SYNOPSIS: A young girl is sent to a mental institution after her mother's death and her step-father's abuse. In order to cope, she retreats into a fantasy world where she is a warrior on a quest to escape to freedom.
Zach Snyder brings his highly surreal style to the screen with his latest effort, Sucker Punch. Director of 300 and Watchman, Snyder is a virtuoso at adapting graphic novelizations into cinematic eye candy. This time, he takes a new direction by creating his own world of fantasy, femme fatales and firepower.
Sucker Punch focuses on a young woman, nicknamed Baby Doll (Emily Browning) by the other women in an institute for the criminally insane. Baby Doll finds herself committed by her stepfather who was after her mother's estate after she finds him attacking and killing her sister. Once on the inside, she concocts a plan of escape using symbolic and literal objects - a map, fire, a knife, a key, and a sacrifice. A la Inception, Baby Doll builds a fantasy reality with deeper fantasies whenever she and their cohorts - Sweet Pea (Abbie Cornish), Rocket (Jena Malone), Blondie (Vanessa Hudgens) and Amber (Jamie Chung) - need to find and secure one of the artifacts imperative to their escape.
While the plot may be a little on the weak side, Sucker Punch is a Matrix- and Wizard of Oz-inspired visual spectacle. Loaded with references and homages to Sin City, a slew of Japanese anime like Dragonball Z, The Wizard of Oz, and Girl, Interrupted, and his own canon of work, Zack Snyder builds a world - several worlds, in fact - for his femme fatales to battle in.

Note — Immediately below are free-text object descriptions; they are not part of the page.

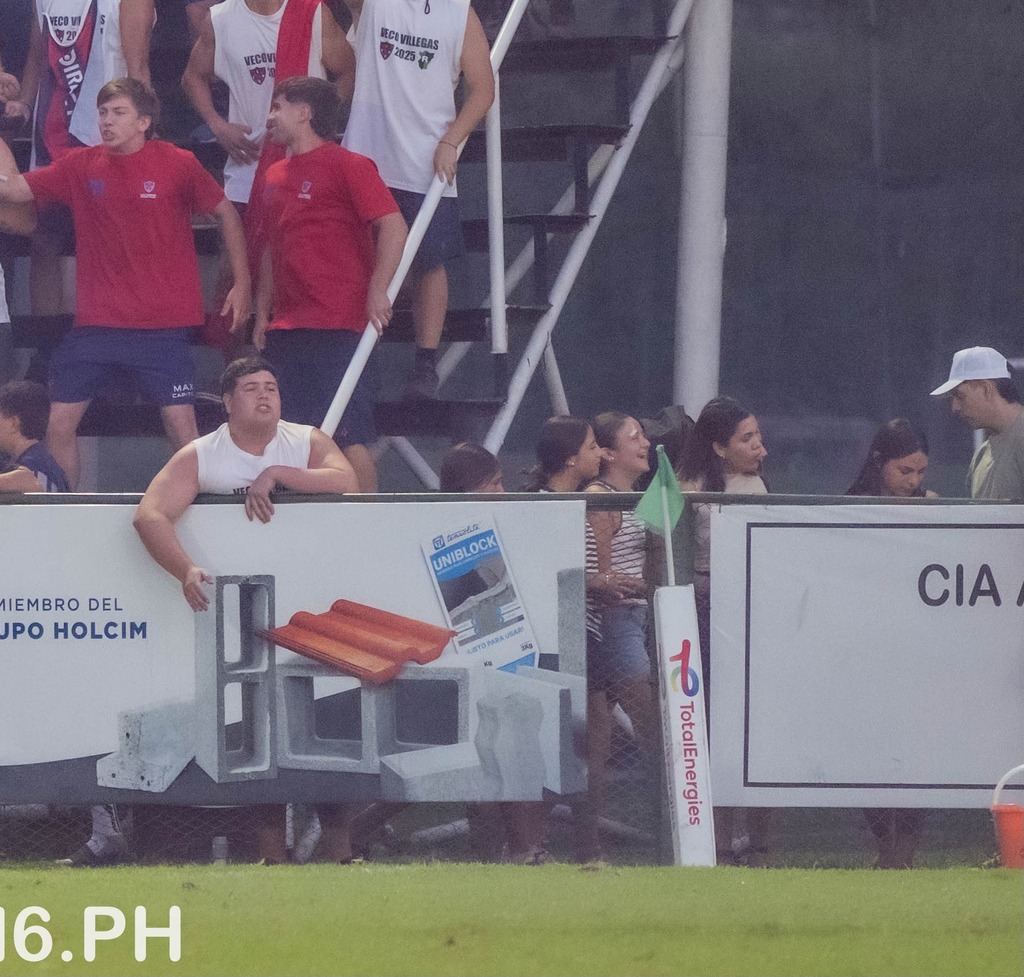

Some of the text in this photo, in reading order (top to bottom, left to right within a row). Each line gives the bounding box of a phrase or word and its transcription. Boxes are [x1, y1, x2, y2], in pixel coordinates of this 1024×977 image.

[400, 33, 439, 51] VILLEGAS
[243, 52, 266, 66] VECO
[394, 46, 416, 62] 2025
[433, 534, 497, 571] UNIBLOCK
[917, 563, 1002, 607] CIA
[88, 597, 123, 612] DEL
[53, 621, 147, 640] HOLCIM
[679, 701, 704, 826] TotalEnergies
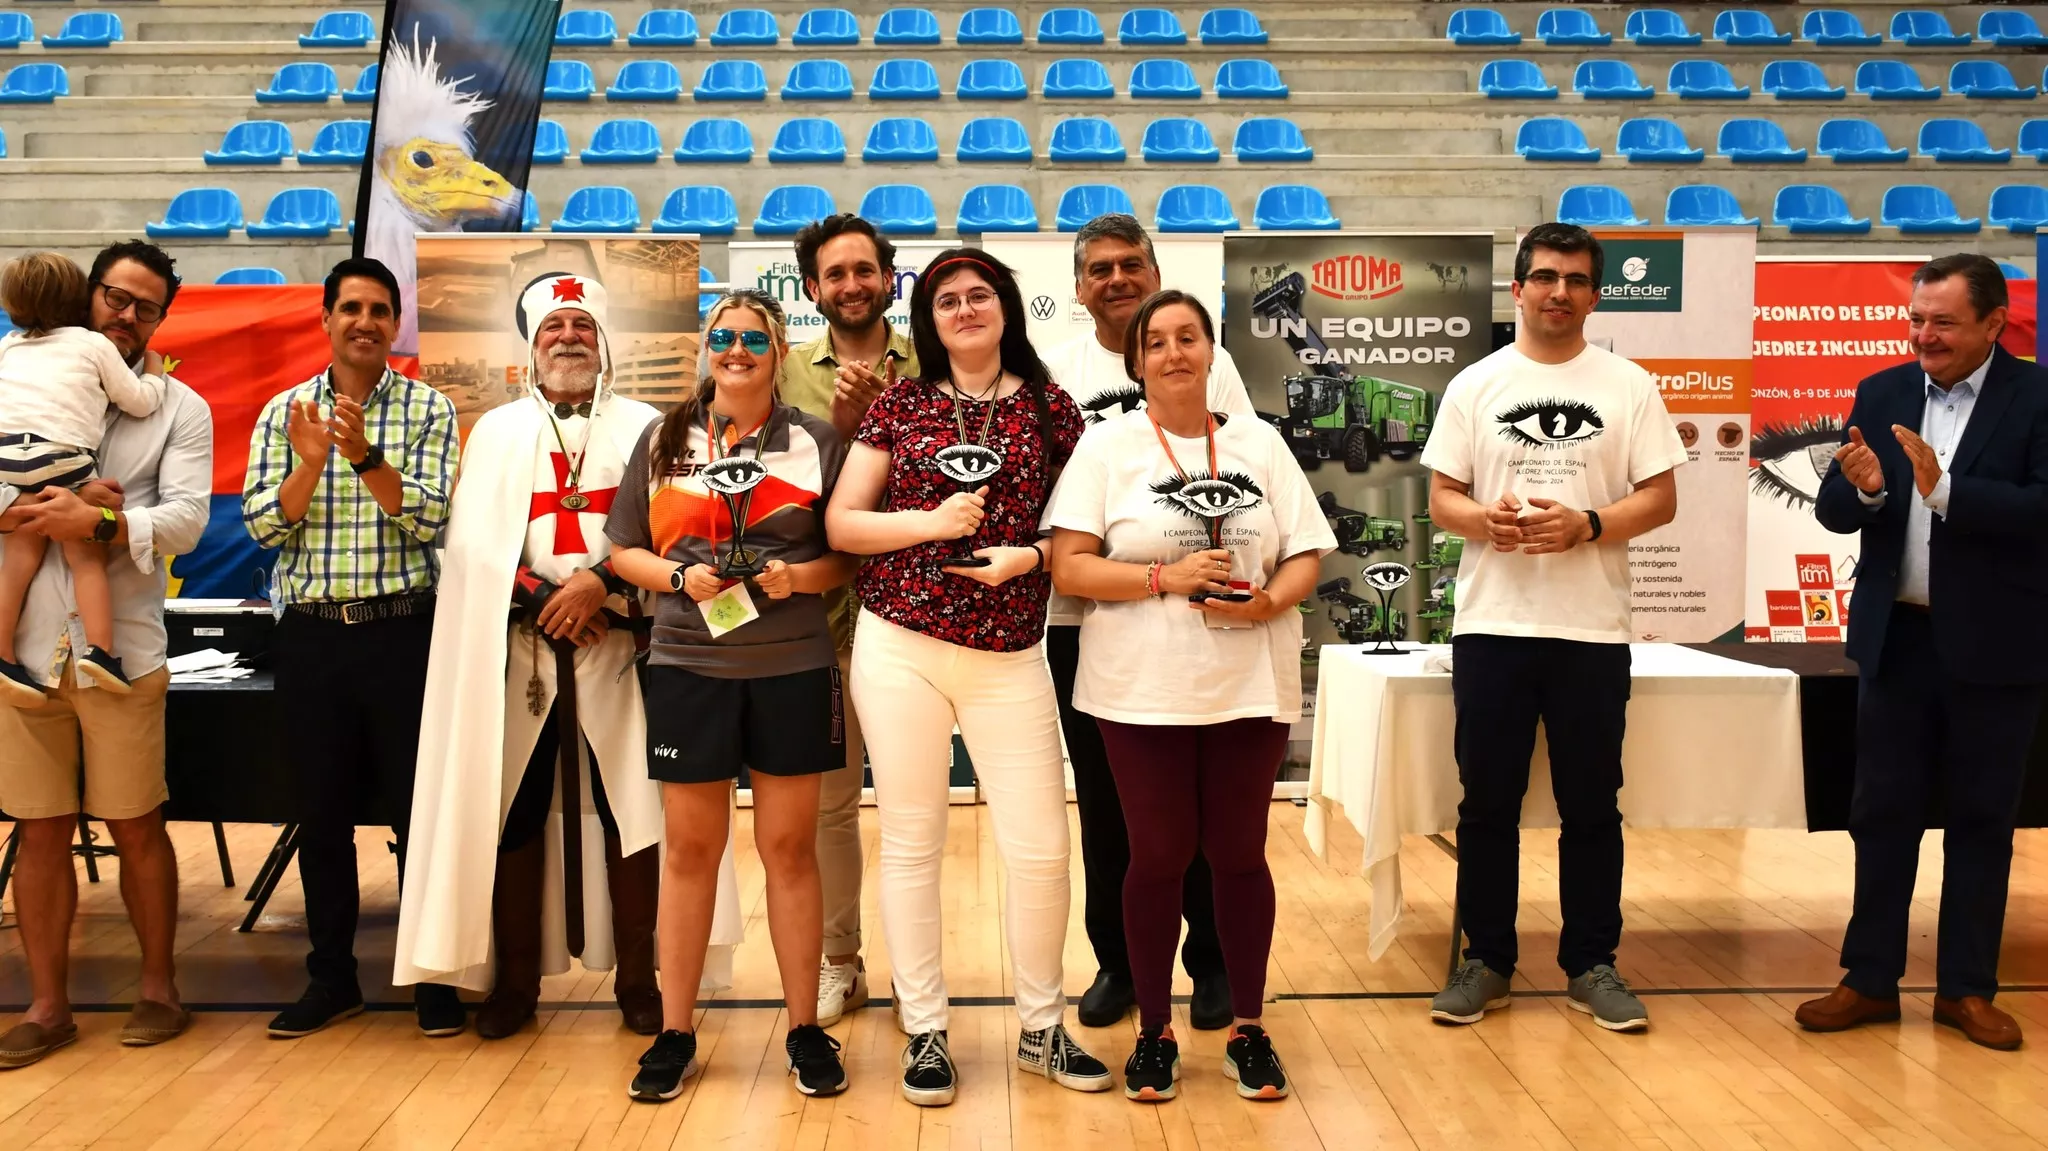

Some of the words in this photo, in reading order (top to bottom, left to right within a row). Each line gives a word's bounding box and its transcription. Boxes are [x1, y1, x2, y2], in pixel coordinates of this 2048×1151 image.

[1312, 255, 1402, 291] TATOMA
[1601, 284, 1671, 296] defeder
[1838, 305, 1861, 321] DE
[1250, 318, 1307, 338] UN
[1321, 317, 1471, 342] EQUIPO
[1299, 347, 1455, 365] GANADOR
[1817, 388, 1831, 398] DE
[1179, 539, 1209, 547] AJEDREZ
[1645, 545, 1680, 554] orgánica
[1637, 560, 1677, 569] nitrógeno
[1643, 575, 1683, 583] sostenida
[1800, 565, 1829, 582] itm
[1633, 590, 1671, 598] naturales
[1673, 591, 1679, 599] y
[1680, 590, 1706, 598] nobles
[654, 744, 678, 759] vive

Baby Doll and her friends square off against steam punk, clockwork zombie Nazis in World War II trenches, battle against medieval knights, dragons and LOTR-style orcs in chain mail against the backdrop of a stone spire castle, and rage against mechanized i-robots guarding a bomb on a bullet train to ignite once it passes into a skyscraper city - and more!
Snyder mixes so many different eras into the film. While in the trenches of World War II, Baby Doll and pals have samurai swords and new millennium firepower. While in medieval times, they fly around in a B-52. On their way to catch the futuristic bullet train, they pursue in a Vietnam era chopper. Even the fantasy world that Baby Doll creates to deal with the everyday of Lennox House recalls an era of the 40s and 50s with splashes of One Flew over the Cuckoo's Nest.

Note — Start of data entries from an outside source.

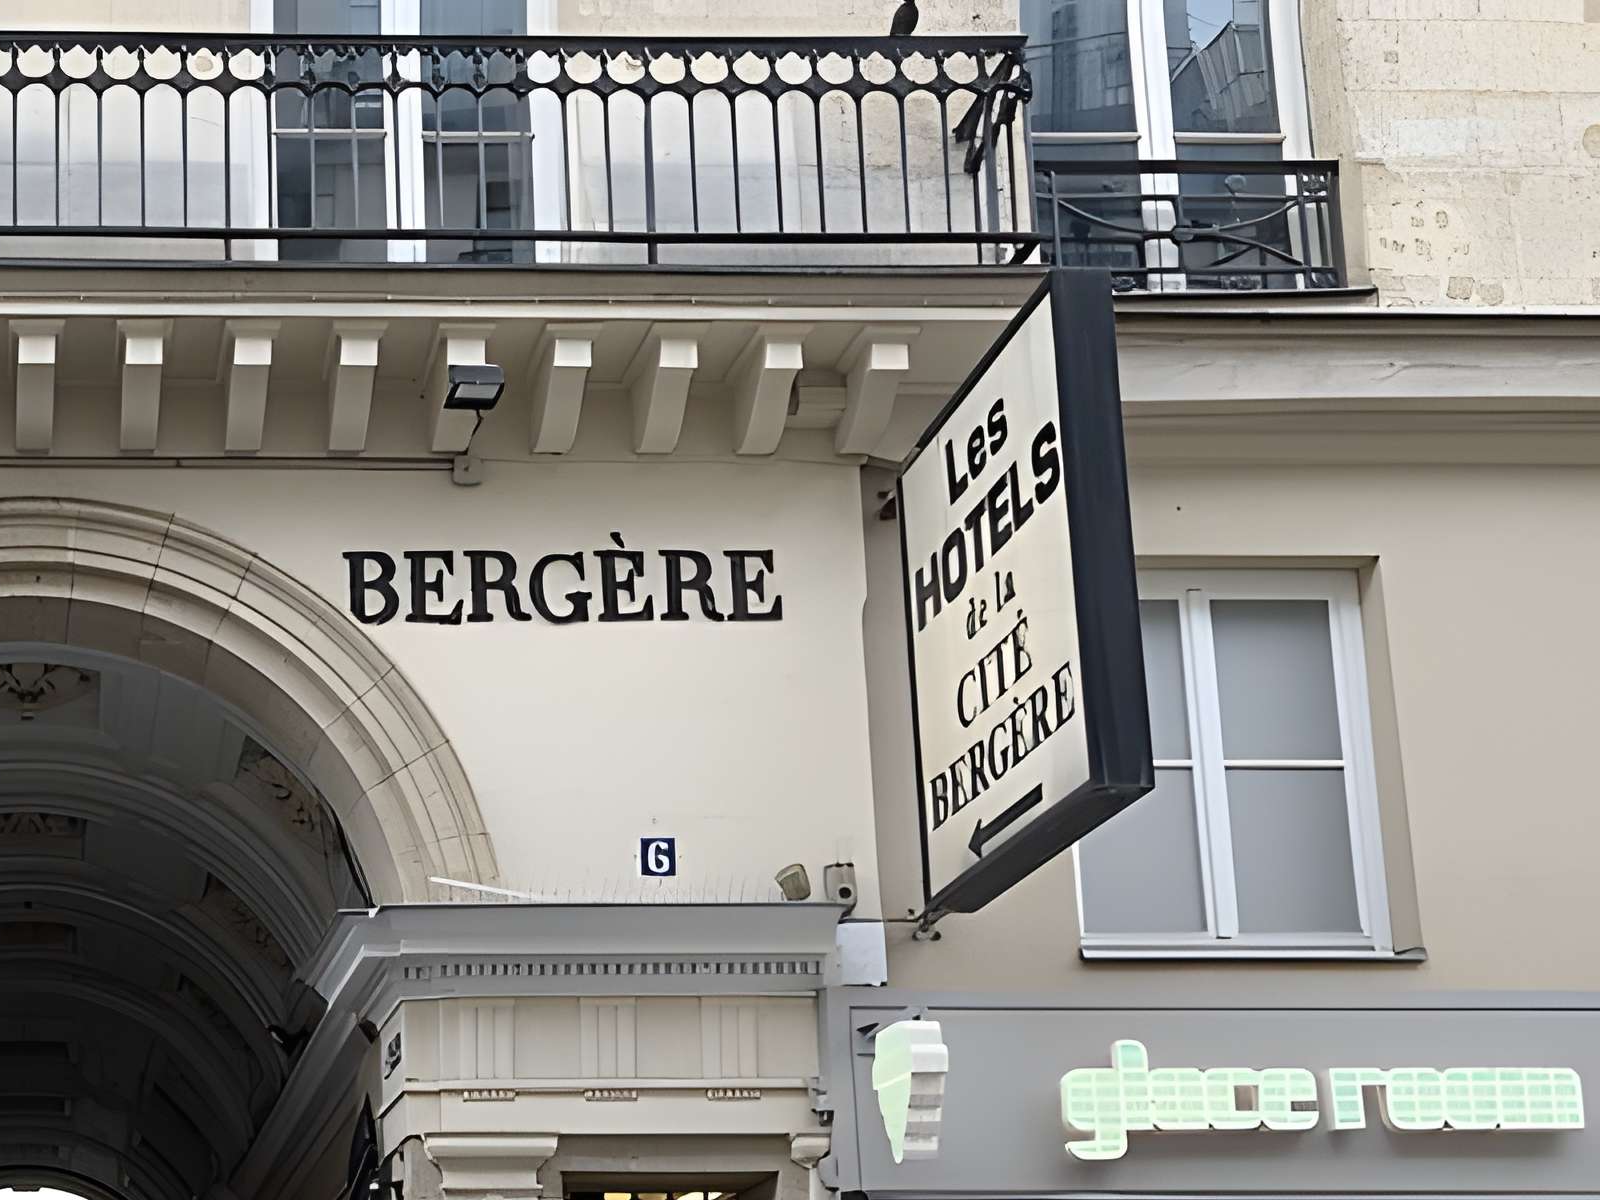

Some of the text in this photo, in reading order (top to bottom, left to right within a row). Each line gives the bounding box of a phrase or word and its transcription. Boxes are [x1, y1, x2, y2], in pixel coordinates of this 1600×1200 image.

[945, 398, 1008, 506] Les
[342, 531, 784, 625] BERGÈRE
[915, 421, 1061, 632] HOTELS
[966, 571, 1016, 640] de la
[957, 608, 1032, 728] CITÉ
[929, 660, 1075, 831] BERGÈRE
[647, 840, 670, 873] 6

But even the more subdued scenes are rich in cinematic style. One in particular - the dressing room scene - is distracting and marvelous as the camera pans from the players to their reflections, to reflections that become the players, to reflections again - all with a single rolling 360 degree pan. Excellent work.
The battles make great use of music, as if Tarantino lent his ear to the scores. The film and soundtrack boasts eerily re-recorded tracks like Sweet Dreams, White Rabbit, and a I Want It All / We Will Rock You mash up - perfect fodder for the ears while Snyder invades our eyes with full-on cinematic whipped cream.

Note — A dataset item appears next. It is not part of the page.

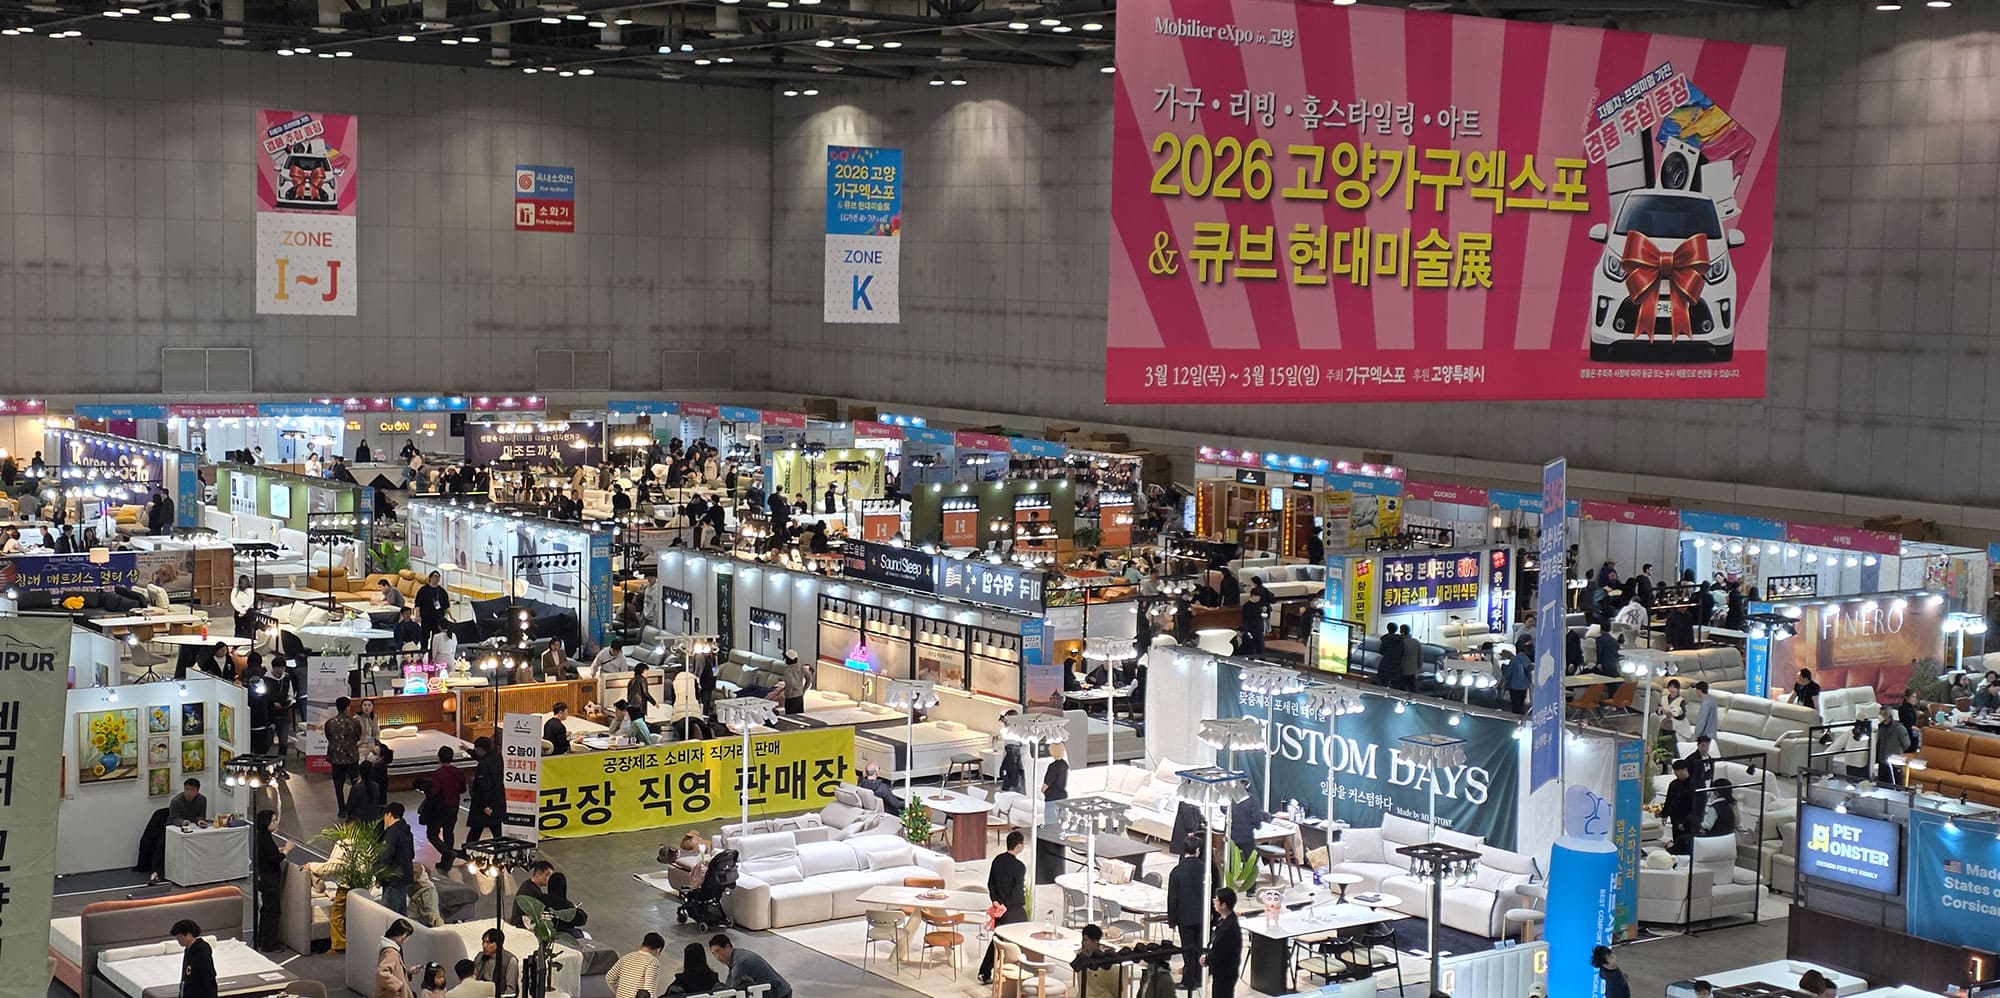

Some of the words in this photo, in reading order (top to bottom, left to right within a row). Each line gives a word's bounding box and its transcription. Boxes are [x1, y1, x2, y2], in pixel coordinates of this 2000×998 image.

The geeks will be impressed and satiated. They will probably go see it twice, I know I will. But Sucker Punch is not for everyone. "Girl Power" will draw some young women to the audience. Scantily clad women with over sized guns and swords will bring the 15 to 30 year old males. The aforementioned and everything else will bring the comic book readers. And while I loved it, I can see patrons with more discriminating tastes may be disappointed.